The European Commission worked overnight on plans to defuse the growing crisis in Kaliningrad, fearing it could escalate quickly, according to several EU officials and diplomats.
Tensions are high over the transport of goods from the Russian mainland to its enclave which is sandwiched between Lithuania and Poland – with Moscow threatening to take ‘practical’ retaliatory measures if the EU does not unblock the metallic goods blocked in transit. On Wednesday, senior EU diplomats warned the situation was serious and could quickly escalate.
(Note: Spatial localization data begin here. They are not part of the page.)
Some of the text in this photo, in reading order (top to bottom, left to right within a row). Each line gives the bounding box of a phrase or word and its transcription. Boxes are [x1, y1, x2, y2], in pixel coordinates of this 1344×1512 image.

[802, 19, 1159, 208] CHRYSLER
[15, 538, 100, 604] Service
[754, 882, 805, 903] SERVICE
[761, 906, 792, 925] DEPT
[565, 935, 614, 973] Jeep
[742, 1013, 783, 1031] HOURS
Officials and diplomats told POLITICO’s Brussels Playbook that the crisis is an unintended consequence of the EU’s fourth round of sanctions, under which the bloc banned imports from Russia of steel and ferrous materials. The train line that brings goods from Russia to Kaliningrad passes through Lithuania, an EU country, so customs officials have been stopping freight trains for checks since Saturday.
Lithuania and the European Commission insisted that this was not a unilateral decision by Vilnius, but that Lithuania was acting on the basis of directives issued by Brussels on how to implement the sanctions.
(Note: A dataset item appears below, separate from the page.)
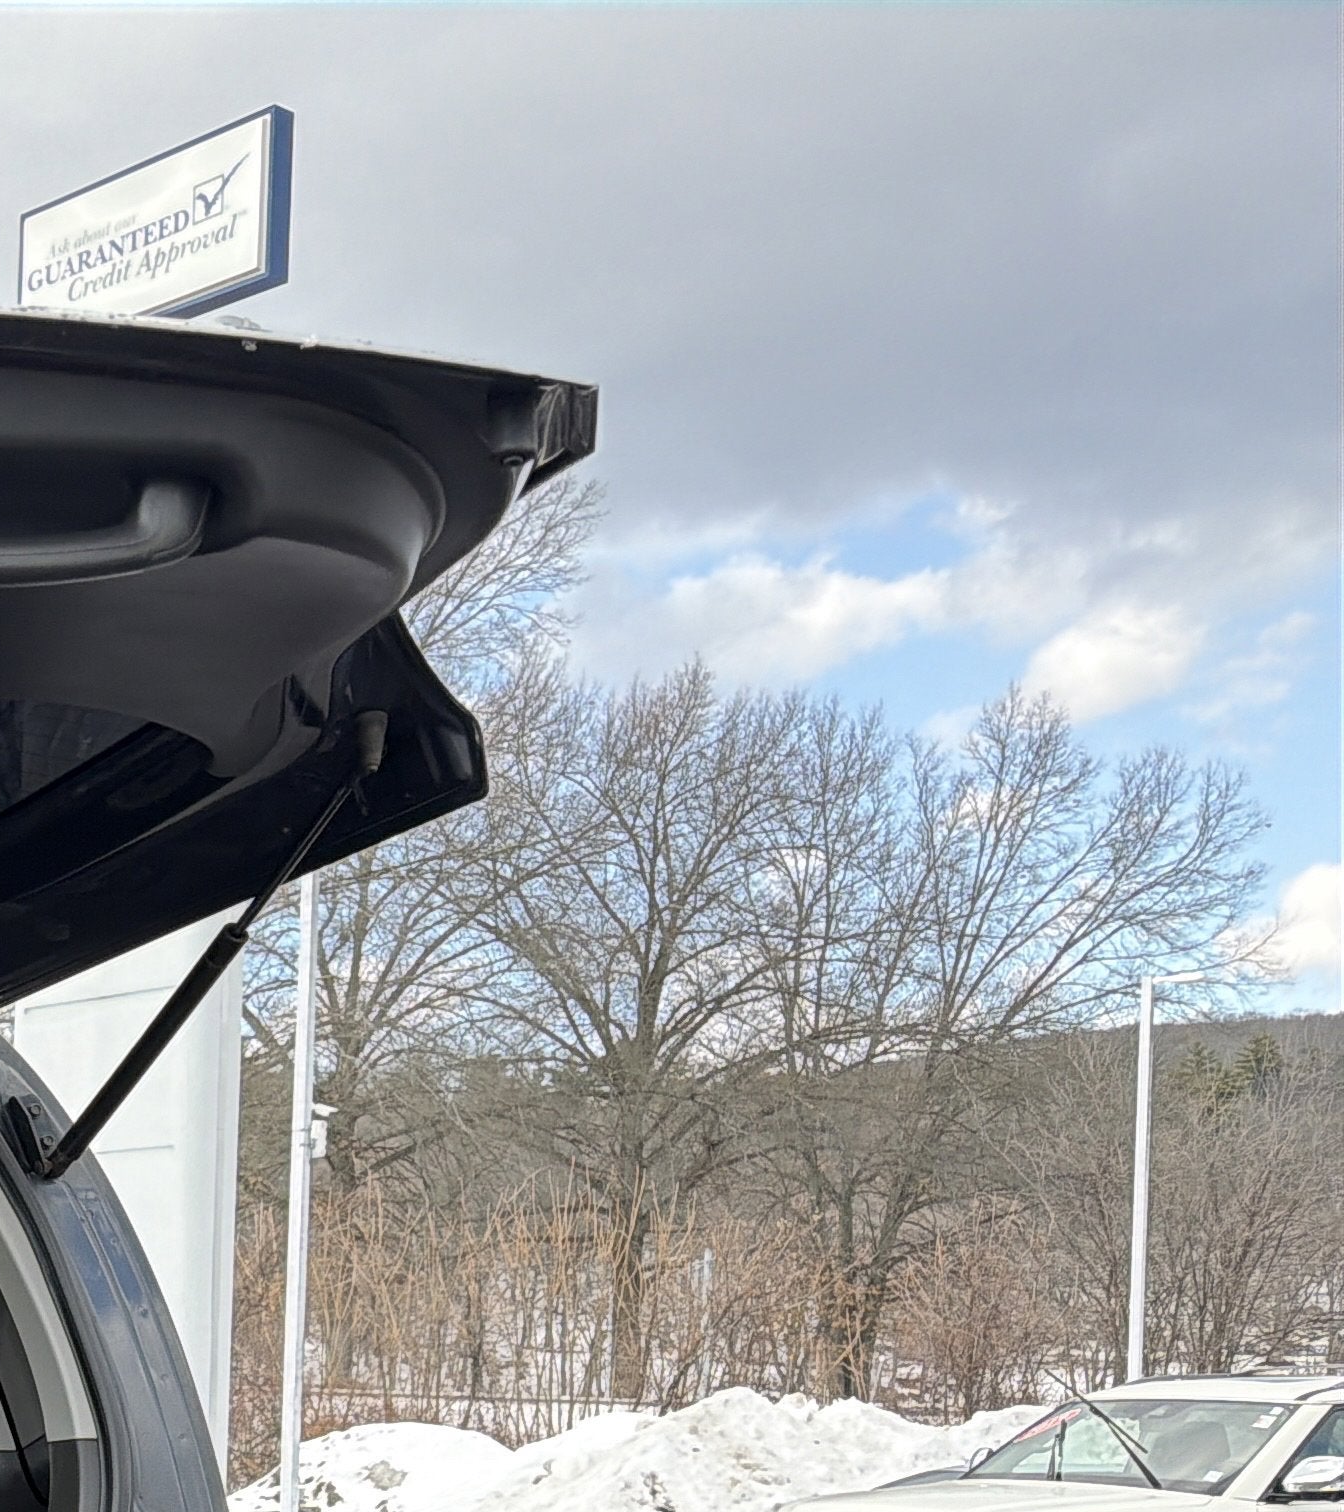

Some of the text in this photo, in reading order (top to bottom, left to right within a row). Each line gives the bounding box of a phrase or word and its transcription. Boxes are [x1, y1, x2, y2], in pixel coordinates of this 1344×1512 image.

The Commission, officials said, is currently updating this information. “We are in close contact with the Lithuanian authorities and will provide further guidance,” Commission spokesman Eric Mamer said. tweeted Wednesday.
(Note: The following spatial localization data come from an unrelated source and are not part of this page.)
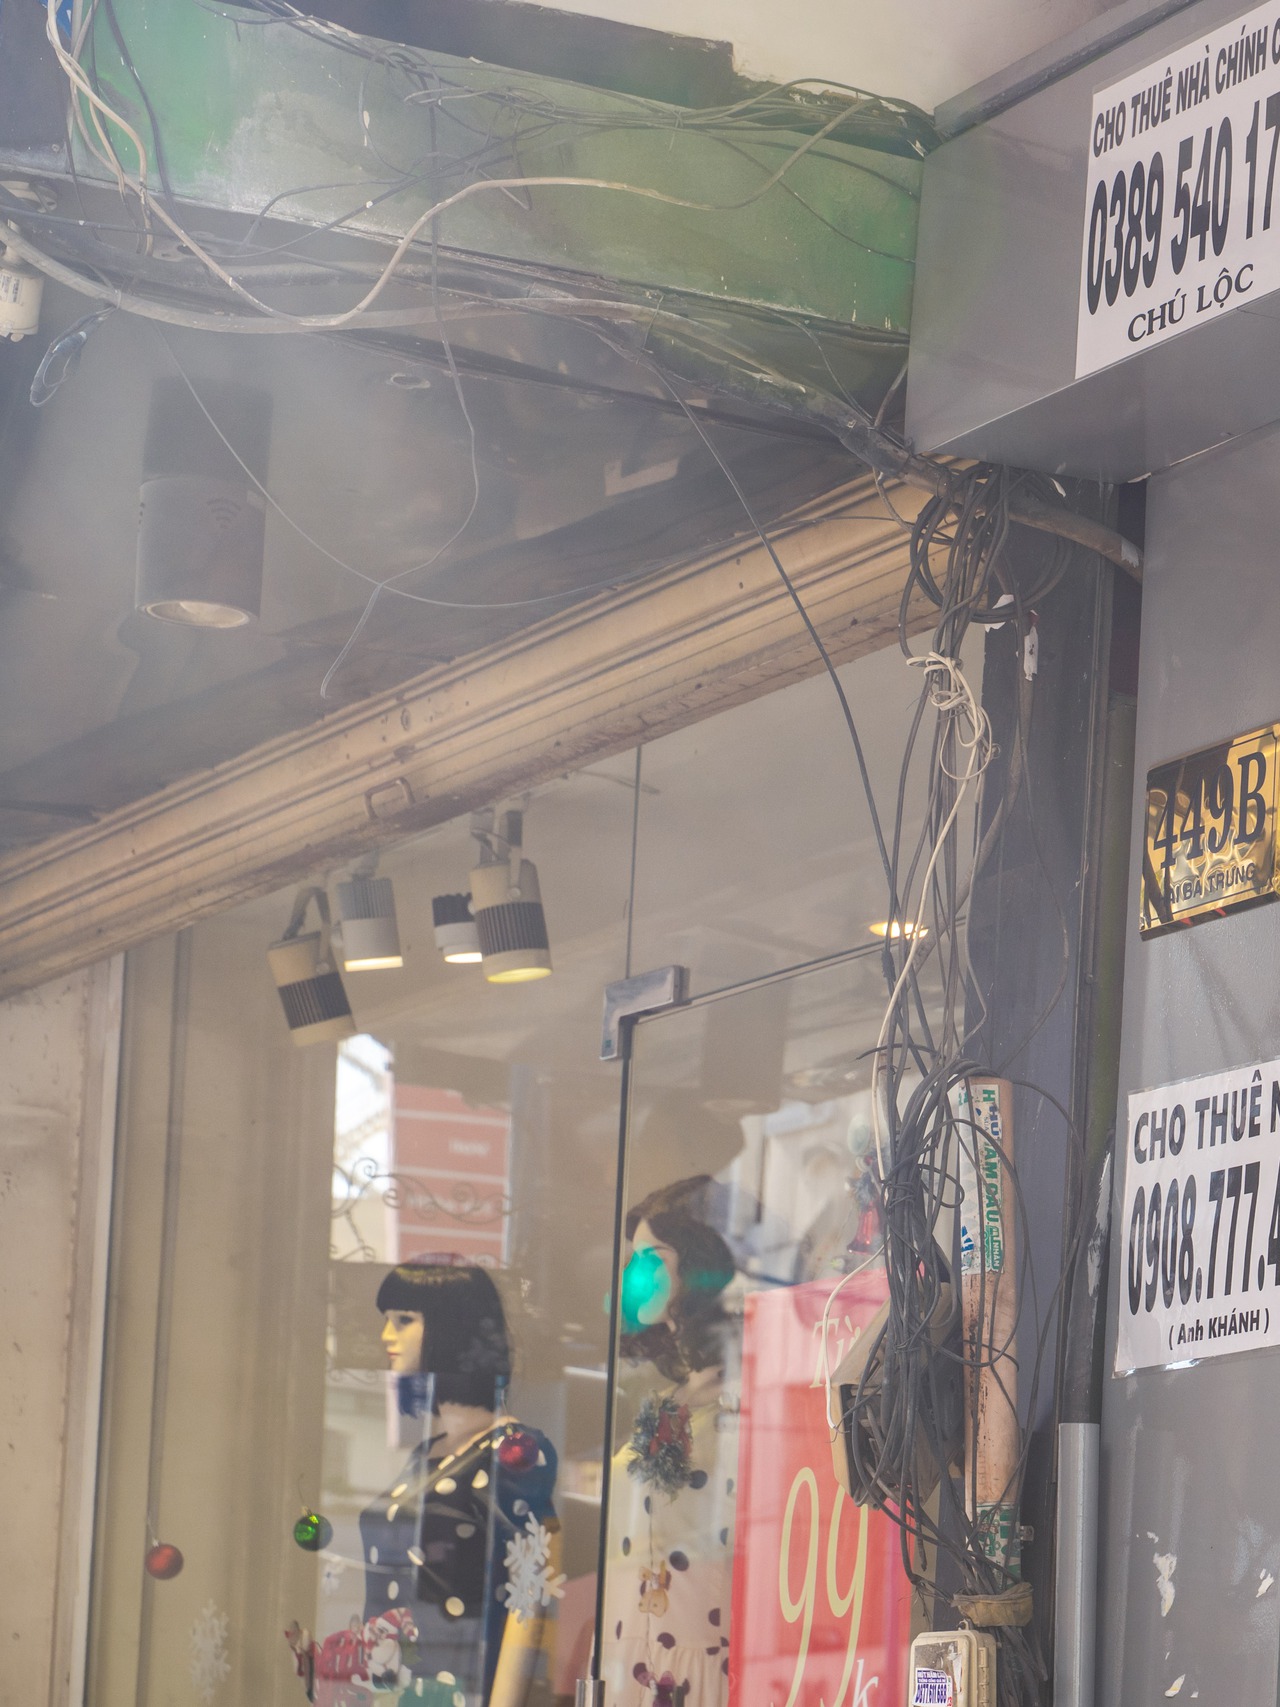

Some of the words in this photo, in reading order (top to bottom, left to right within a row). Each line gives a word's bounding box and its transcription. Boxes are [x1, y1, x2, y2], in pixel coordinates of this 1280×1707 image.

[1093, 101, 1126, 158] CHO
[1131, 67, 1172, 138] THUÊ
[1175, 45, 1210, 115] NHÀ
[1215, 24, 1268, 95] CHÍNH
[1087, 151, 1164, 315] 0389
[1171, 117, 1232, 275] 540
[1128, 288, 1187, 342] CHÚ
[1196, 263, 1254, 314] LỘC
[1154, 751, 1267, 868] 449B
[1133, 1103, 1187, 1164] CHO
[1194, 1069, 1262, 1150] THUÊ
[1176, 1319, 1204, 1345] Anh
[1208, 1308, 1260, 1339] KHÁNH
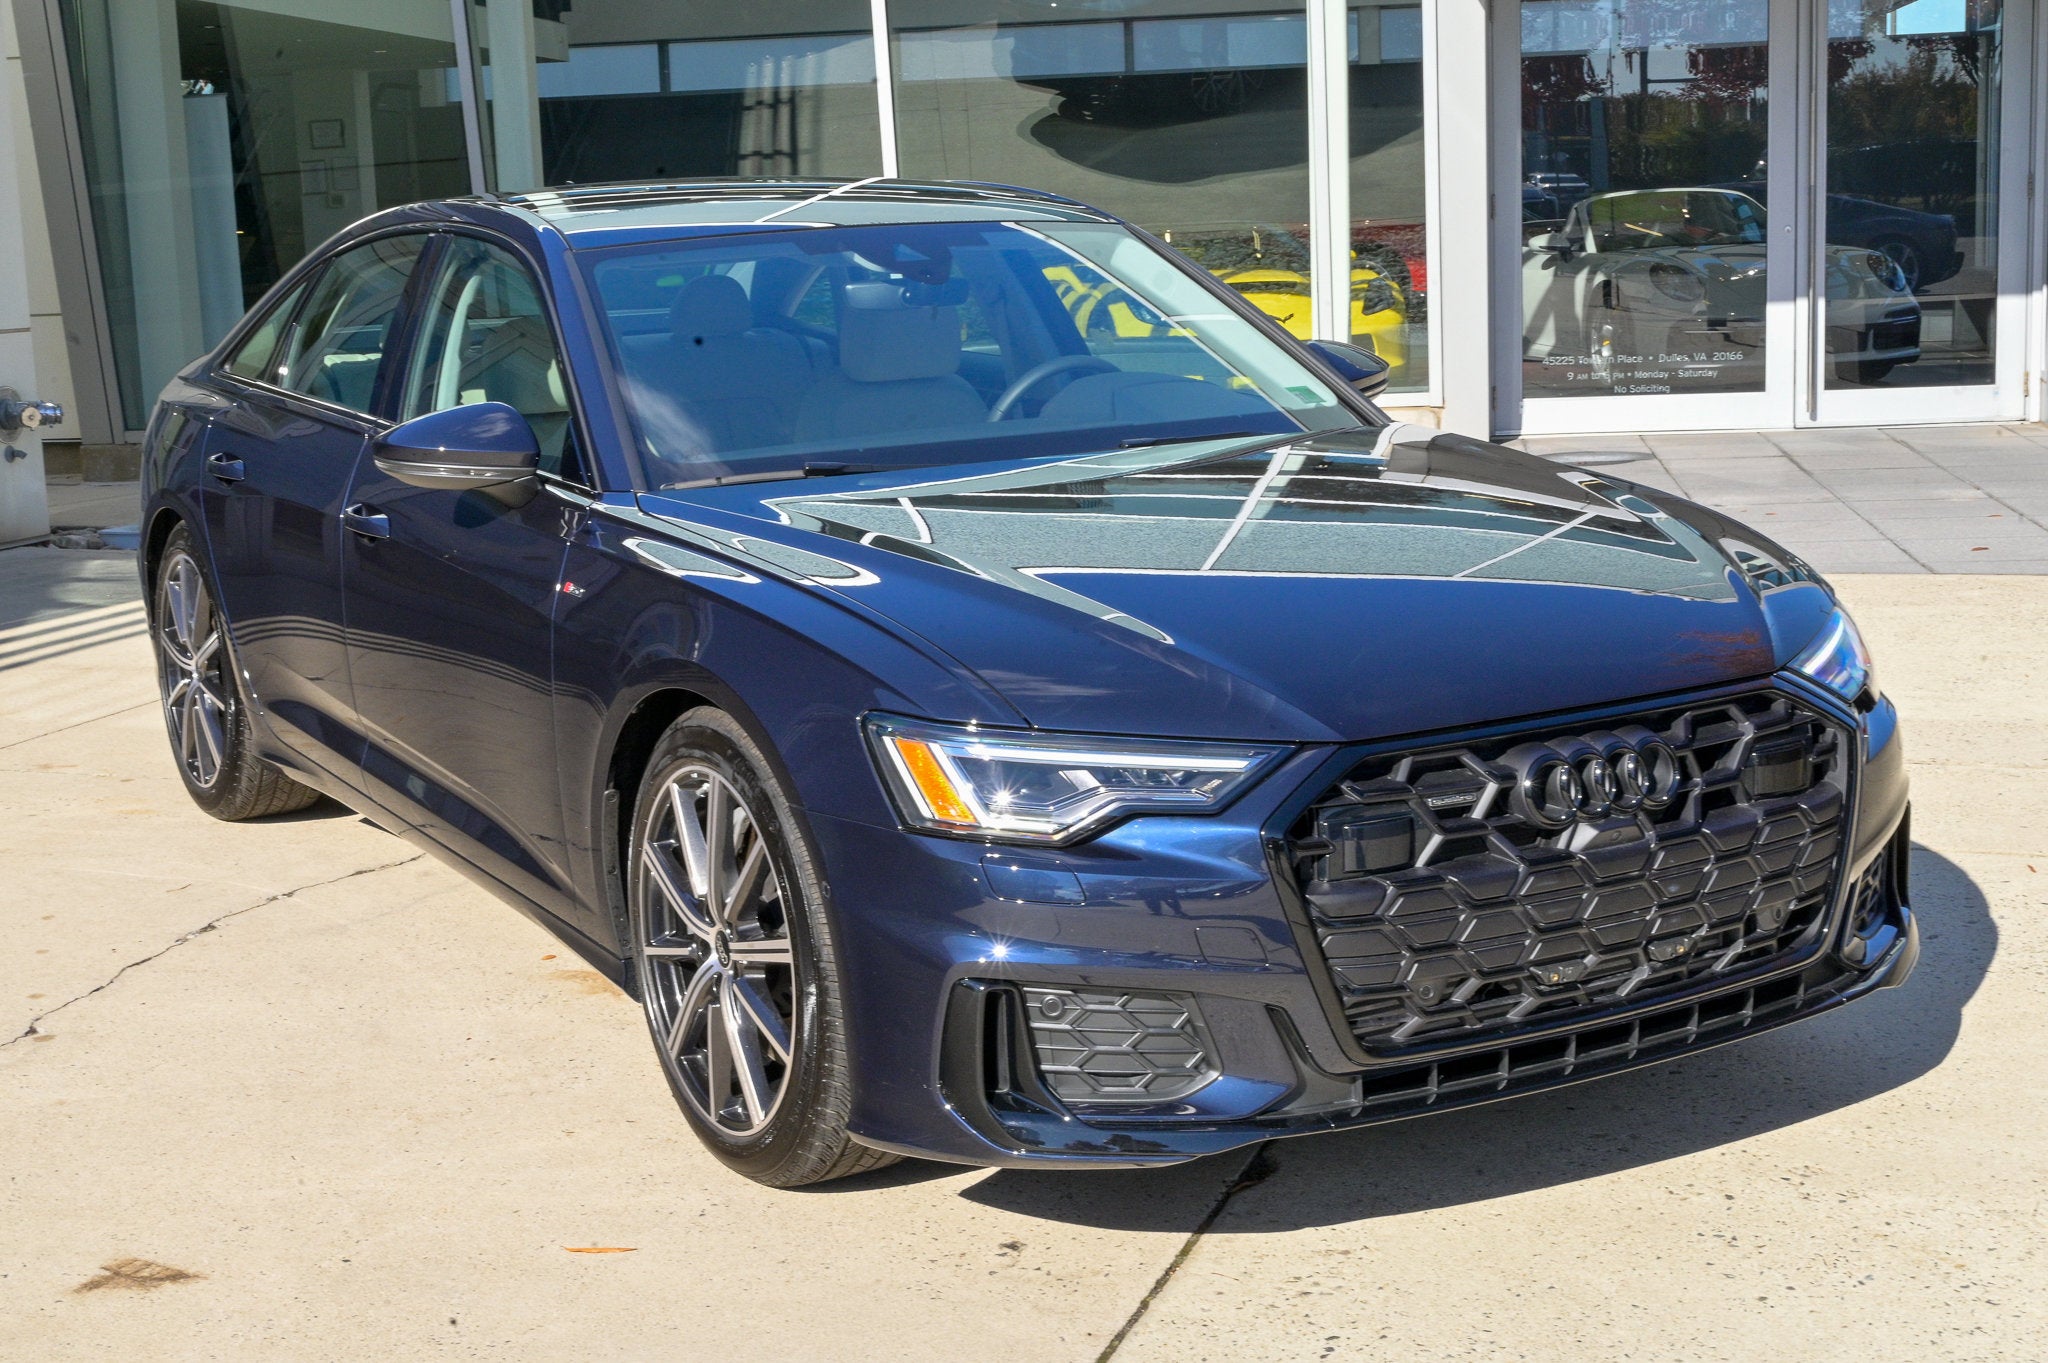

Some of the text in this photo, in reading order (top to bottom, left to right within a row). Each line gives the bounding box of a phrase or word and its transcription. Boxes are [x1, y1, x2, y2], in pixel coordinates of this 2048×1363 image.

[1542, 355, 1575, 365] 45225
[1617, 354, 1643, 364] Place
[1693, 352, 1707, 361] VA
[1712, 351, 1744, 361] 20166
[1567, 371, 1574, 380] 9
[1613, 372, 1624, 380] PM
[1634, 370, 1669, 380] Monday
[1678, 369, 1718, 379] Saturday
[1614, 384, 1670, 393] No Soliciting
My sea added that Lithuania “must apply additional controls on road and rail transit” through EU territory, but “these controls are targeted, proportionate and effective. They will be based on intelligent risk management, to avoid circumvention sanctions while allowing free transit.
Two officials told POLITICO that the new guidelines make it clear that Lithuanian customs authorities must check goods to avoid circumvention of sanctions, but can allow metals to be transported onward if they are destined for the Russian domestic market – that is. i.e. Kaliningrad.
But Lithuanian Prime Minister Ingrida Šimonytė said banning the transit of steel and ferrous metals through the EU was part of the bloc’s sanctions, as agreed by the 27 member countries.
“As provided for in the fourth EU sanctions package, which was adopted on 15 March 2022, EU restrictive measures on imports and transit through the EU of Russian steel and other metal products ferrous came into effect on June 17, 2022,” she said. said. “Lithuania is applying the EU restrictive measures in accordance with EU law and in consultation with the European Commission.”
Although Vilnius and Brussels took seemingly contradictory positions, officials insisted that was not the case, as the sanctions were never intended to block Kaliningrad, but were designed to allow the EU to implement additional controls. “The general feeling within the Commission is that these are strategic communications from Russia,” said a senior official, “and that some Balts have taken advantage of this to increase the pressure.”
Tensions around Kaliningrad began when Russia demanded that the Lithuanian government immediately roll back new restrictions on EU-sanctioned shipments of Russian goods through Lithuanian territory. The Kremlin claimed Lithuania’s actions were “unprecedented” and “illegal”. Lithuania hit back at Moscow, saying it was just enforcing EU sanctions.